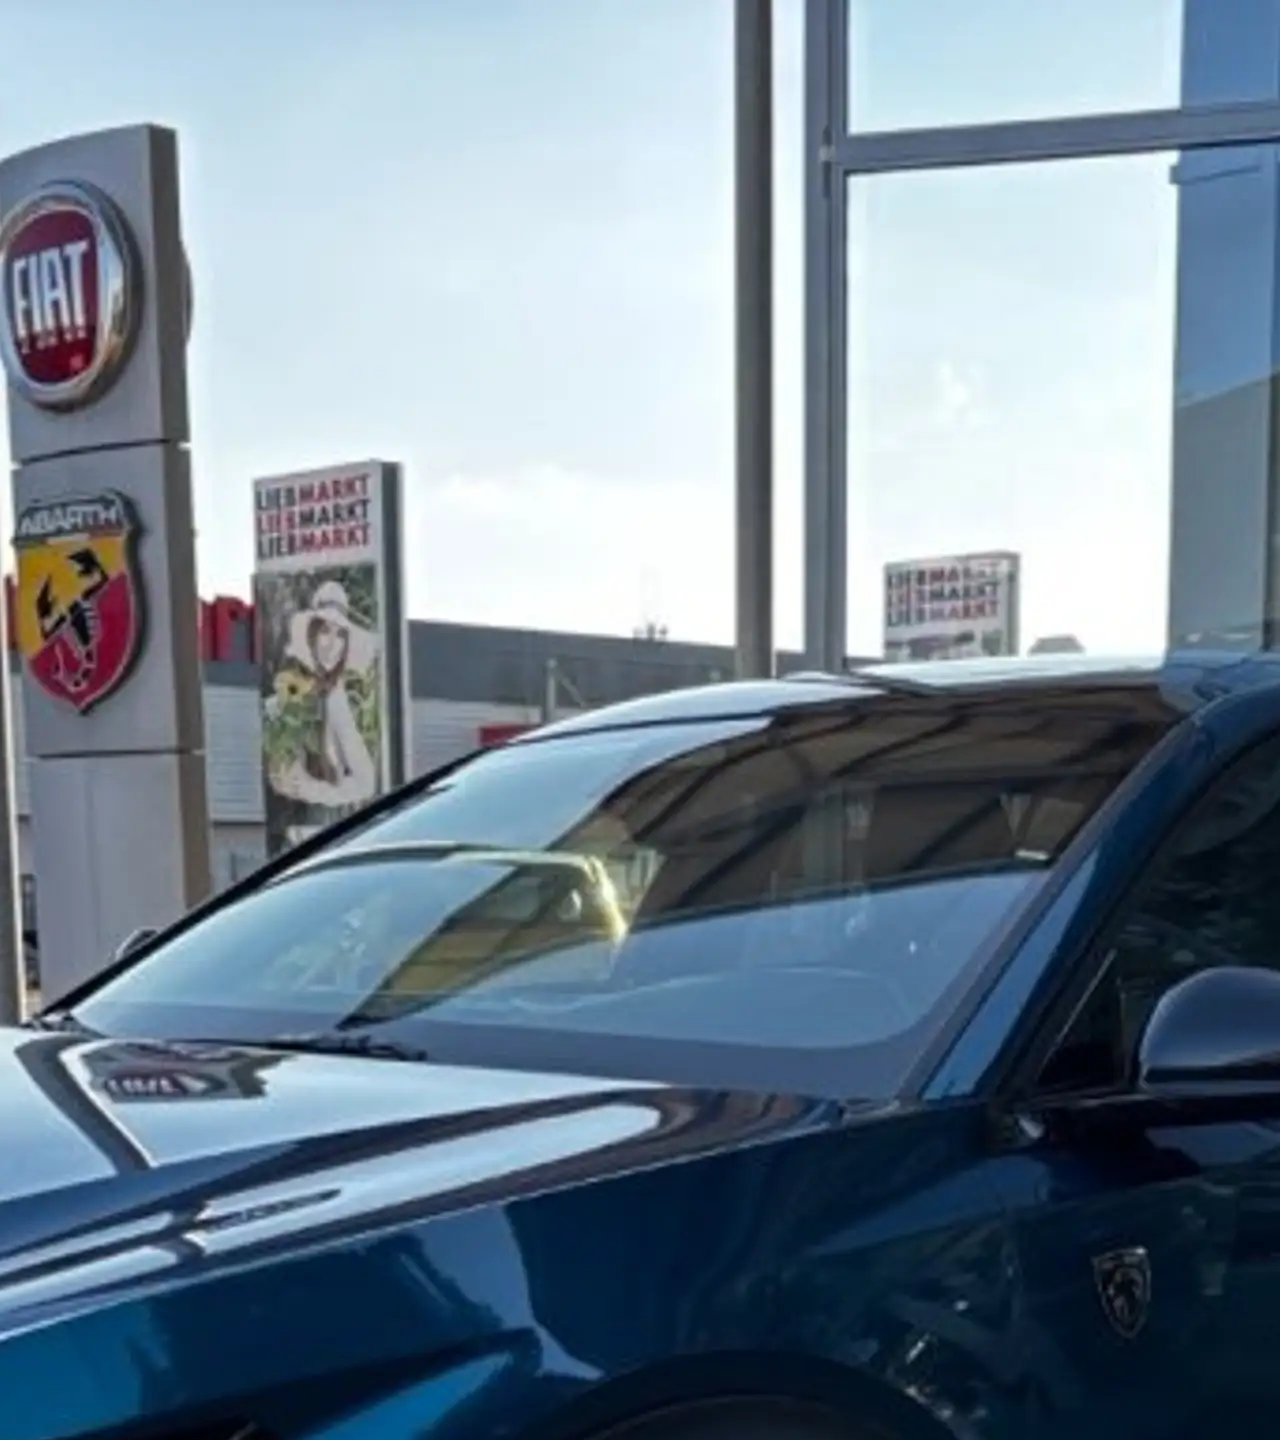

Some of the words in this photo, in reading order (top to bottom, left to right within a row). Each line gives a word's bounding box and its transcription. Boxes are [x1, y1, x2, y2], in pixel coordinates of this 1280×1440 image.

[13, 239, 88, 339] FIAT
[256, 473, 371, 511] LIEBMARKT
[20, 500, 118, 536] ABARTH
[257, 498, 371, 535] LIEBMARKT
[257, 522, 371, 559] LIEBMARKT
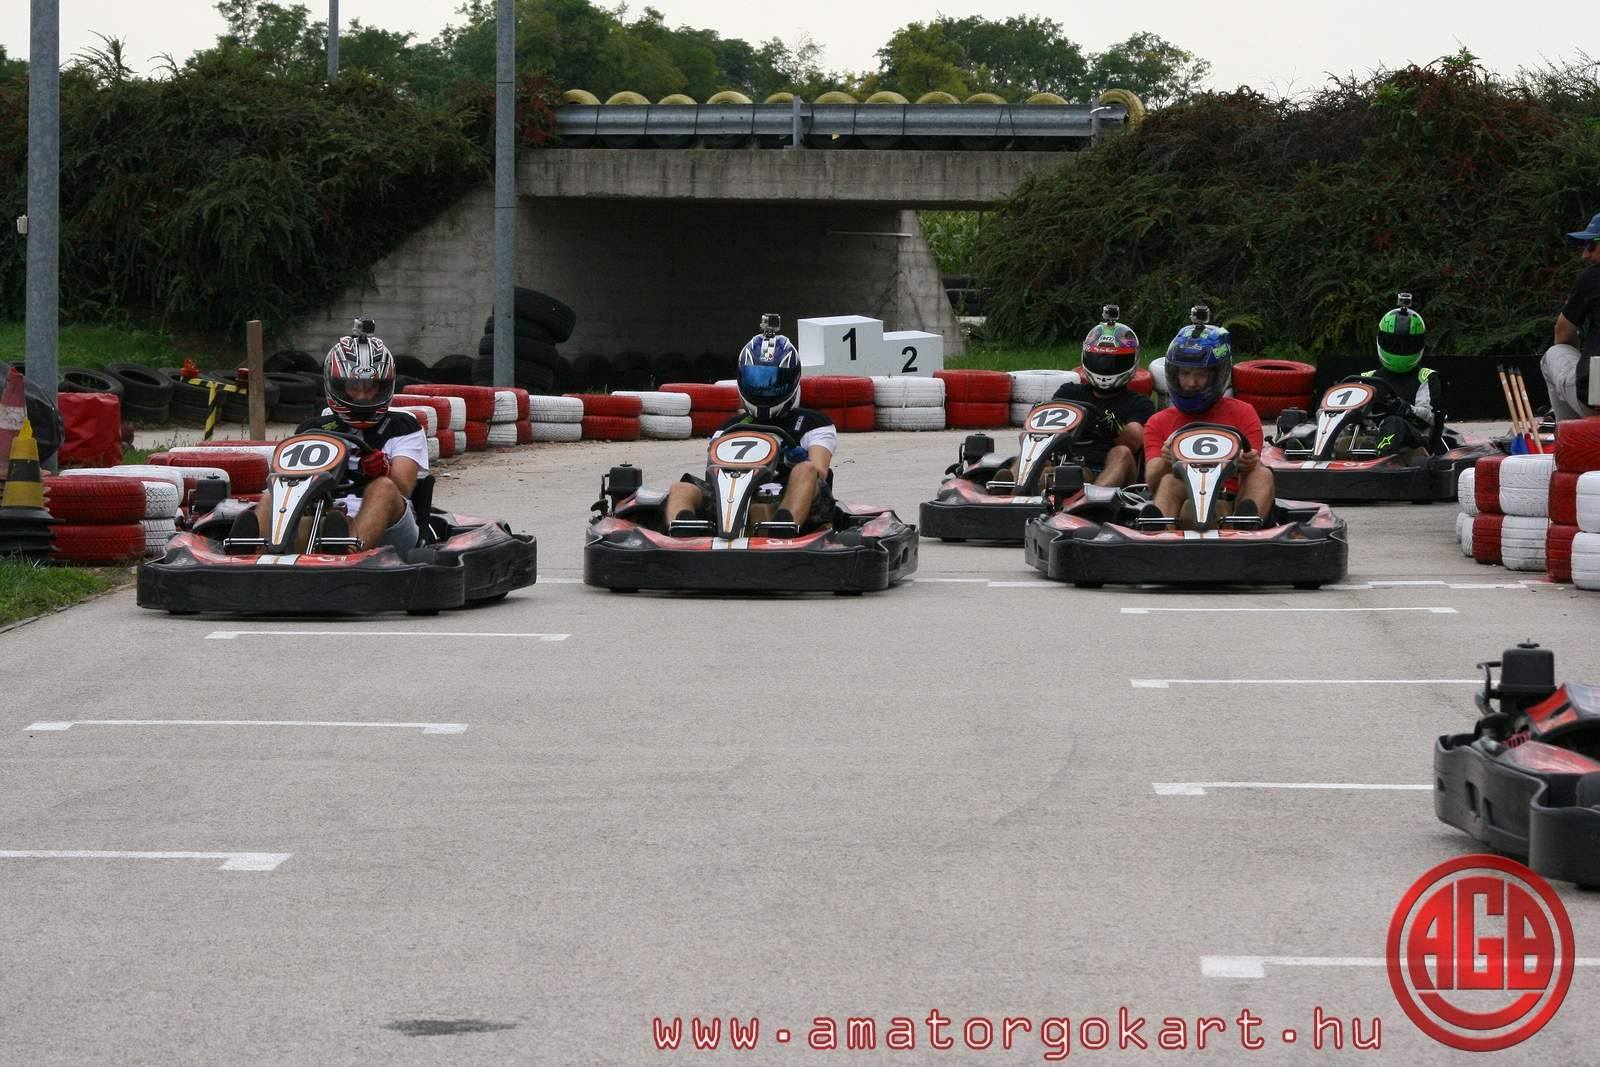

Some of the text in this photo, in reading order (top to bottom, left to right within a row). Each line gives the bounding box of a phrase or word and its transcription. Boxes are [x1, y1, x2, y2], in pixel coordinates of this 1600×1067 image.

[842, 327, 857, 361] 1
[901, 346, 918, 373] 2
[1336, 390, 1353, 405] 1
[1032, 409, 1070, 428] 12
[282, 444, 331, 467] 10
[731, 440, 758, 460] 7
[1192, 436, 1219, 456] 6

● **WORK TO COMPLETE**: From the line containing "Some of the text" down to the final line of the data, write out every line exactly; both the first and last of these belong in your answer, and nothing else does.

● **ANSWER FOR THE TASK**:
Some of the text in this photo, in reading order (top to bottom, left to right within a row). Each line gives the bounding box of a phrase or word and its transcription. Boxes are [x1, y1, x2, y2], in pixel coordinates of this 1600×1067 image.

[842, 327, 857, 361] 1
[901, 346, 918, 373] 2
[1336, 390, 1353, 405] 1
[1032, 409, 1070, 428] 12
[282, 444, 331, 467] 10
[731, 440, 758, 460] 7
[1192, 436, 1219, 456] 6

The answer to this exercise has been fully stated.